Our Victorian-style front-of-house security door: a dust collector.

Our Victorian-style front-of-house security door: a dust collector

*I don’t want wooden fences that warp and spring out of their nails. I don’t want to have to paint a fence every few years.

I have seen pictures of amazing houses designed by top architects that have all smooth surfaces that need little maintenance—but they have multi-million-dollar price tags. That’s well and good, but I’m talking about houses for the ordinary person.

My idea of the perfect house would be the lowest maintenance place possible: no fancy edges round the walls or light fittings, no tiles with grouting. The decorative touches could then be added via soft furnishings, beautiful artwork and sculptures…which would all need cleaning, I know.

8 thoughts on “You still have to fix the fence or, Dear Architects: Let’s Drag Houses Into the 21st Century

  1. Caron – I like the way you think. There are so many things that people take for granted about houses that just makes for more work. But they’re still built that way because ‘that’s how it’s done.’ Doesn’t have to be. Sometimes it helps to look at what people really want, need and use. Interesting points!

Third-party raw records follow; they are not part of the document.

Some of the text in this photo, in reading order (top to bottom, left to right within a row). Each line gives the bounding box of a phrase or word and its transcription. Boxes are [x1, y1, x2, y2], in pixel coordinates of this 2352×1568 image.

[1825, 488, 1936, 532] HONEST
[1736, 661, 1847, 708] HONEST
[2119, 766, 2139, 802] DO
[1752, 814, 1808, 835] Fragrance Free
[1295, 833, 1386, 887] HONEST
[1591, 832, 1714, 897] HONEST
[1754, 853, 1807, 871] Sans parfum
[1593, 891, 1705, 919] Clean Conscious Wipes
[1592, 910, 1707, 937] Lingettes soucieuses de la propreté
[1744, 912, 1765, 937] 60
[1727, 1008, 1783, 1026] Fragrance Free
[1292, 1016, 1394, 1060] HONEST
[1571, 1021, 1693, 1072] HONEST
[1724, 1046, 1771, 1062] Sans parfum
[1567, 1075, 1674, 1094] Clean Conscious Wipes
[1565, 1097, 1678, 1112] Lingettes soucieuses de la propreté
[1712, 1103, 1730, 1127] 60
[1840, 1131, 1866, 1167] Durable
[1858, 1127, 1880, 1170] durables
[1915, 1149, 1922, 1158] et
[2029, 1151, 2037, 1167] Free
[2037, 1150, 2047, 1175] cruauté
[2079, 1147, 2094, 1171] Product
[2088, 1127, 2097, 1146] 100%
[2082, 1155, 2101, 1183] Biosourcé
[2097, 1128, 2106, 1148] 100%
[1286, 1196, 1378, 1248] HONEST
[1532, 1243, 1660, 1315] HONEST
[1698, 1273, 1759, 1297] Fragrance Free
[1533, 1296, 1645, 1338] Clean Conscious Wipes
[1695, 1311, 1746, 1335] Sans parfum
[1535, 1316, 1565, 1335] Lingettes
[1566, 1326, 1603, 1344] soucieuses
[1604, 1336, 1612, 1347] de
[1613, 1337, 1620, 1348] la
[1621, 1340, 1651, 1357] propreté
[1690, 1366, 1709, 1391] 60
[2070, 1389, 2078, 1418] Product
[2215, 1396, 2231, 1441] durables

  2. I think that it is happening but with regard to fences these are still dominated by wood in our part of the world becaseu it is so cheap and easy to get. My daughter’s deck looks like painted/stained wood but is actually planks of recycled waste plastic (apparently the type with a half life of two zillion years and that will never break down in a land fill): it looks really good, is guaranteed to not warp and is colourfast for decades. The deck clips together without nails.
    I suspect that part of the problem incorporating new designs and materials is the rather fuddy-duddy nature of local building code and resource concent managers who prefer ‘how things were always done’ rather than apply themselves to reviewing new and merging technologies…when I was very young (first job after school) my company laid down resin and sand based floors that conformed to the shape of a room, were very non-skid/slip, and smoothly blended floor into wall. Because the surface was somewhat flexible it was good for buildings that might suffer some movement over time as it would not crack the same way a tile floor might…Designing a new bathroom this month, I was amazed that there was not even a mention of such an approach for a domestic bathroom…

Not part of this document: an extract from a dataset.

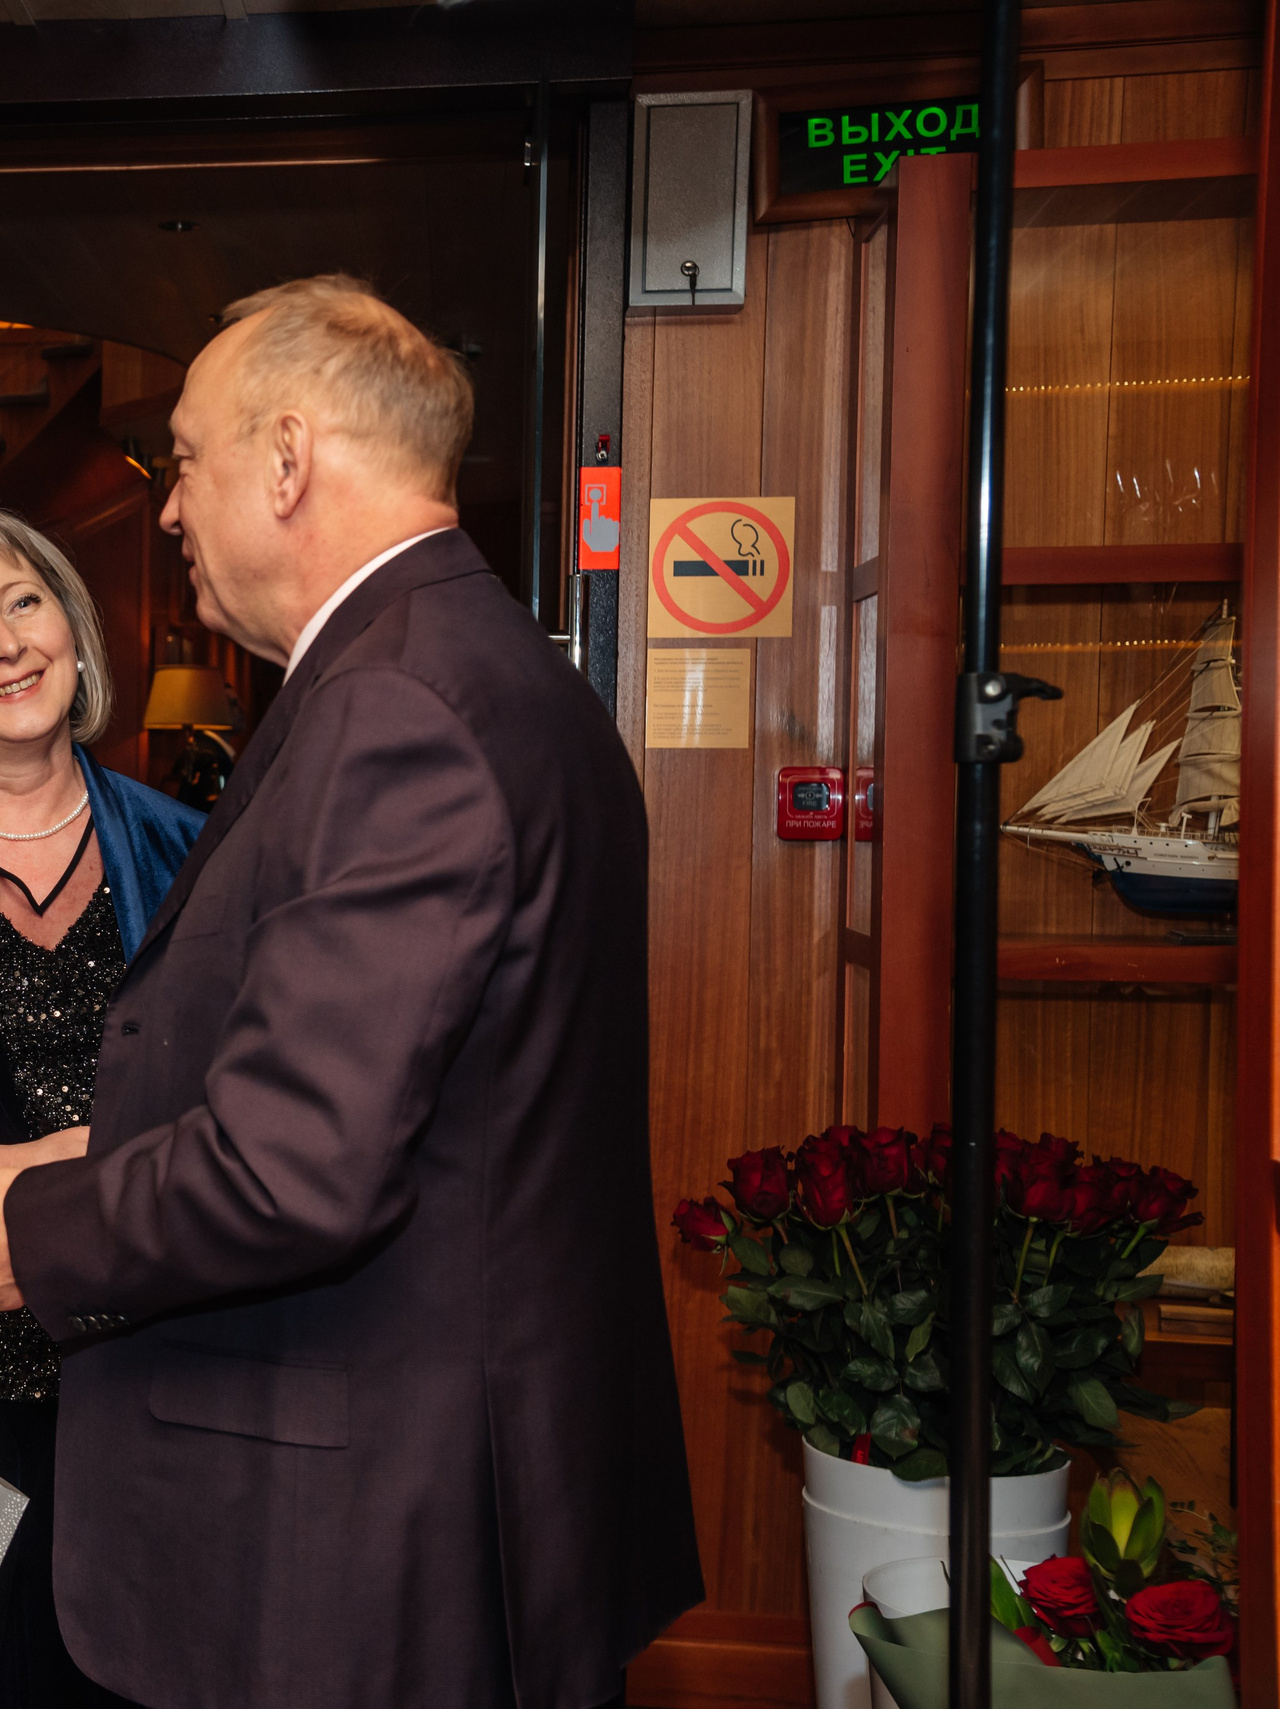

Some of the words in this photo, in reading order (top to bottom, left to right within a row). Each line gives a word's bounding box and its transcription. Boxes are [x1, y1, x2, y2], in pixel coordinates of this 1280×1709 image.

    • Thanks for such an interesting comment. Your daughter’s deck is exactly the type of thing I’m talking about. And the floor you describe is, too. Years ago, I heard about material being used in NZ for bathrooms, which was like a single molded shower cubicle with no joins. I once lived in a flat in which the shower had been designed without a door—except it had been wrongly angled, so instead of going down the plug hole, the water would flood the room each time you used the shower. A friend in NZ though has a granite-floored bathroom in which the shower is at one end, with no cubicle at all, and brilliantly the water just goes down the plug hole without spreading all over the room. No shower at all for him to clean!

      • Plan A here was for a similar ‘wet room’ approach but I couldn’t get the geography to work (in an existing house) so that the water would flow away from the door into the drain channel – not without major surgery anyway. Plan B is now for just a bath inside, with sliding doors out to an external shower (you can guess that we don’t have nearby neighbours!!). This will be great for rinsing down after sanding/painting/spraying and seems like a good idea now that summer is finally here…

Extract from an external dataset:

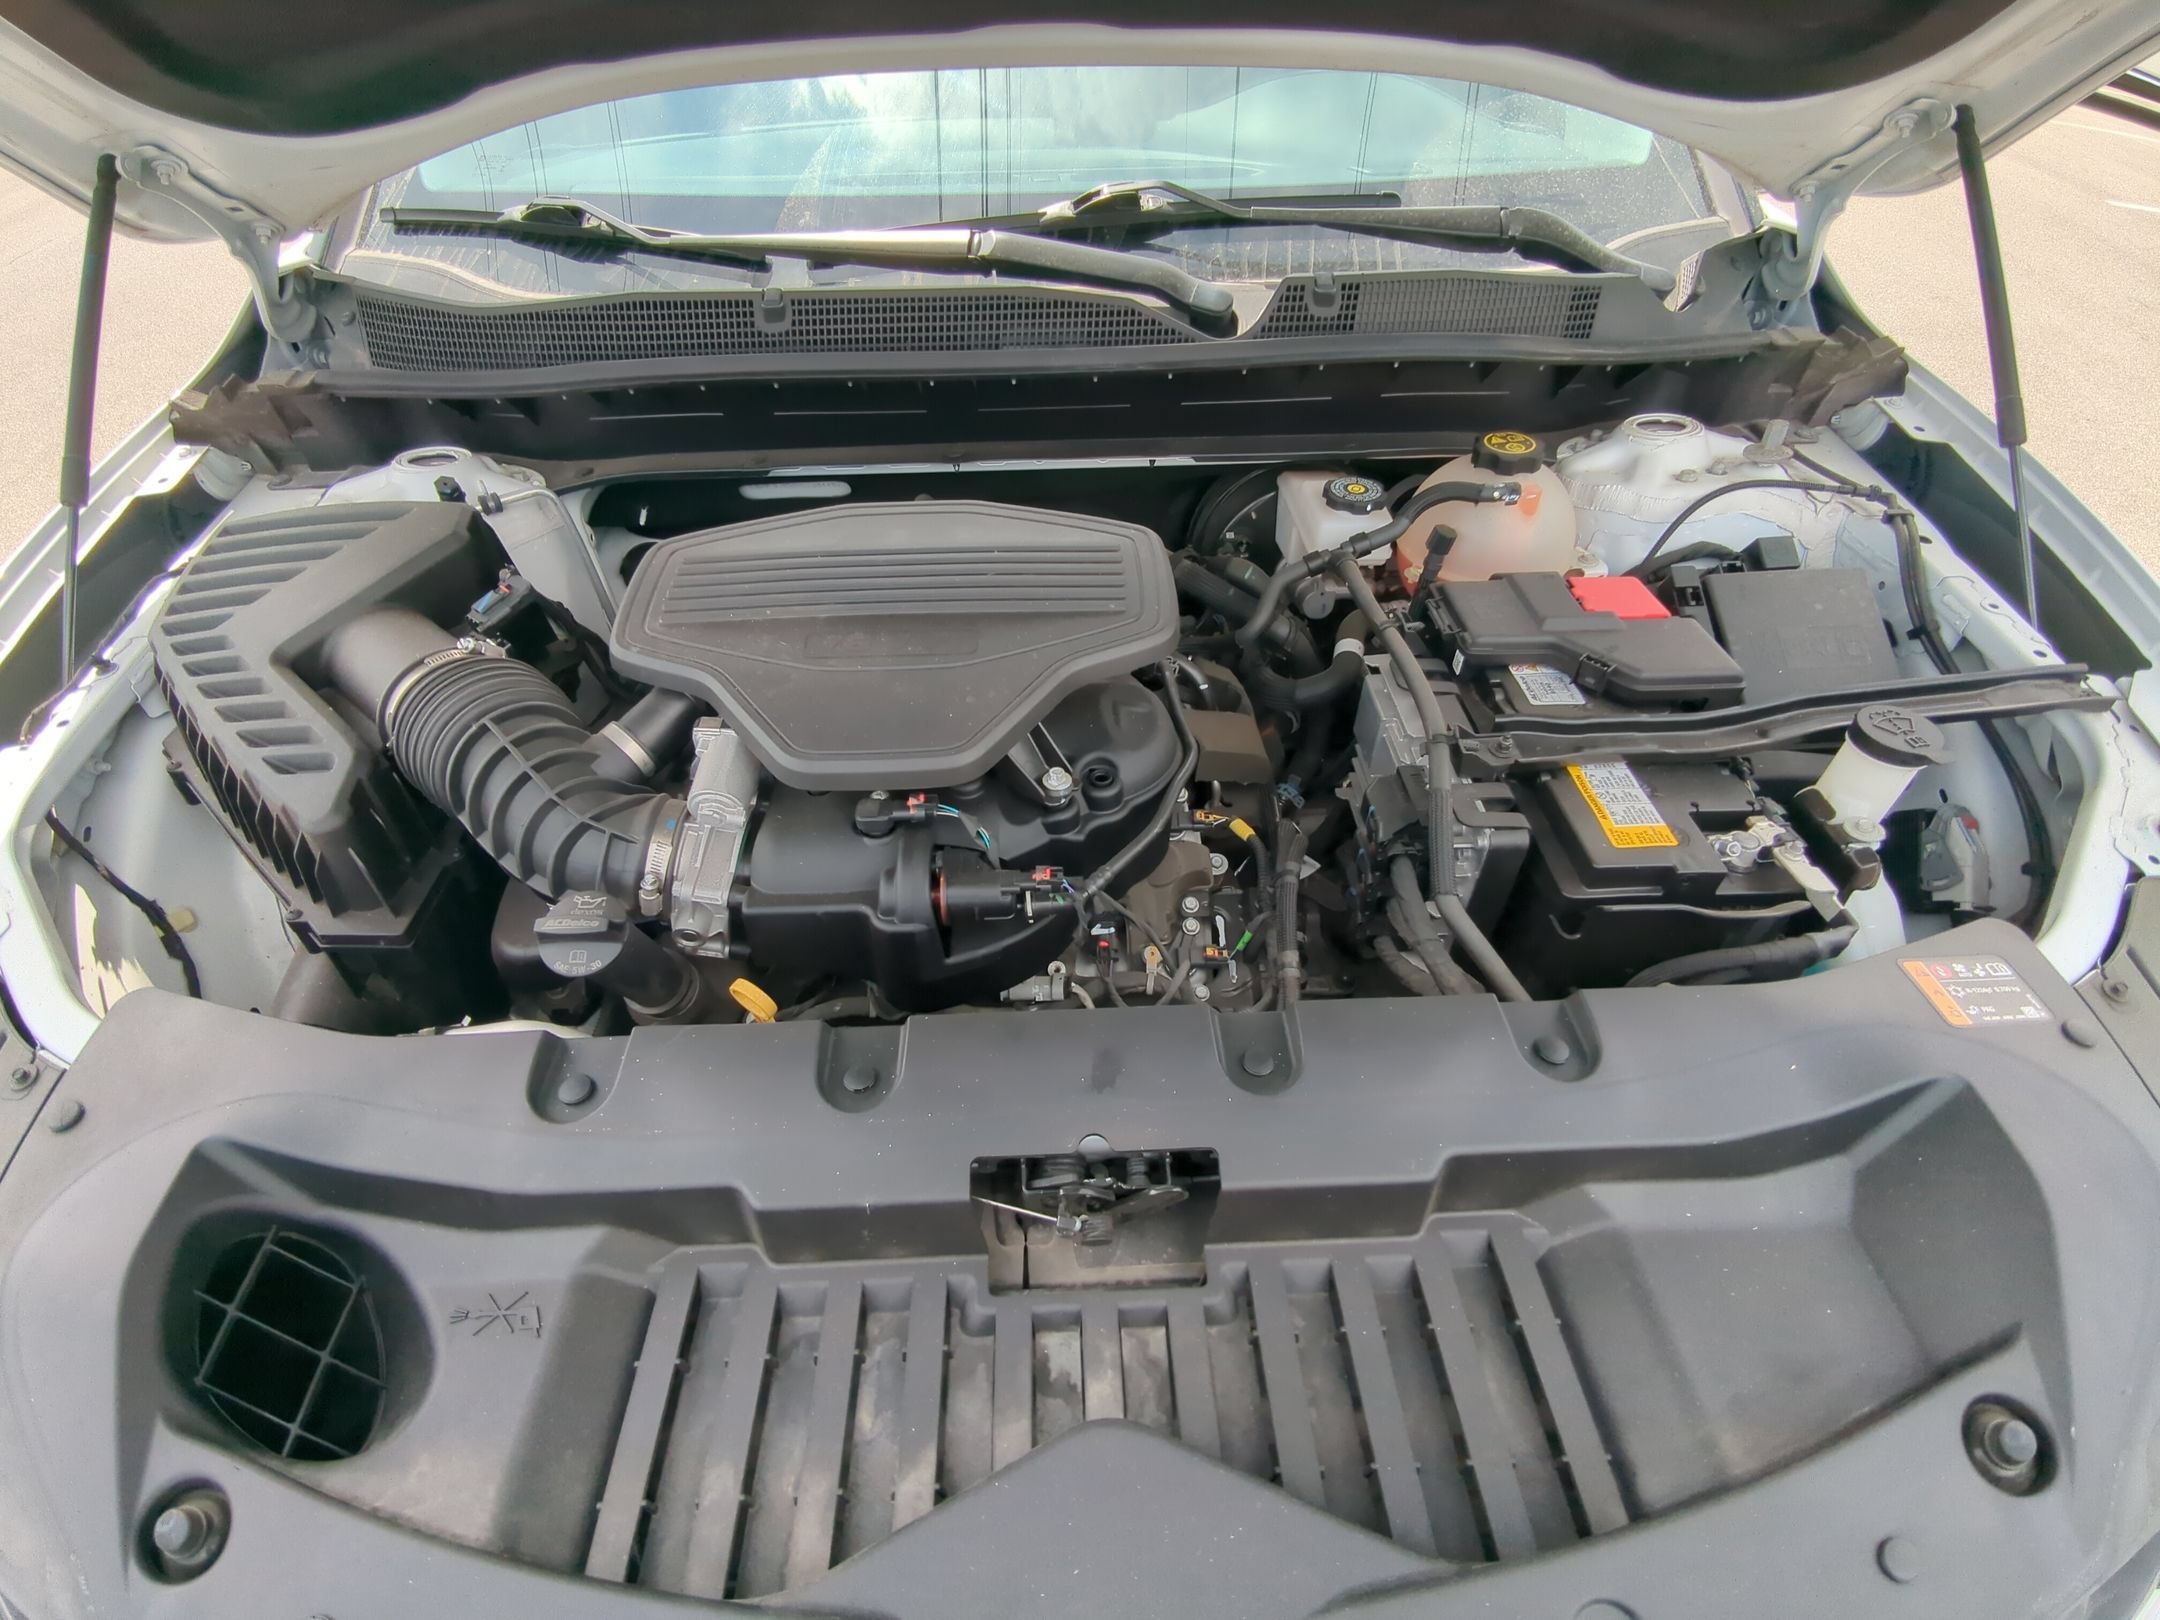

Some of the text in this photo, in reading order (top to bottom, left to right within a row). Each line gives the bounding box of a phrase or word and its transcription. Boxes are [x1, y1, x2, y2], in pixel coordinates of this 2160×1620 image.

[544, 919, 600, 927] ACDelco
[553, 960, 602, 975] SAE 5W-30

  3. So very true and something I had not thought of! As I try to manage a house on my own, the to-dos become endless. To architect a house that is green, low maintenance and beautiful–well, why wouldn’t we, right?

    • I know—it’s strange to me that we are still designing, buying, renting and living in these ridiculously high-maintenance houses. I feel for you: managing a house on your own is a very big job. I am lucky to have a husband who shares the housework with me. We had a cleaner for most of last year, which was great, but it was only for two hours every fortnight, so there was still a lot to do. It’s too expensive now for us to continue with a cleaner!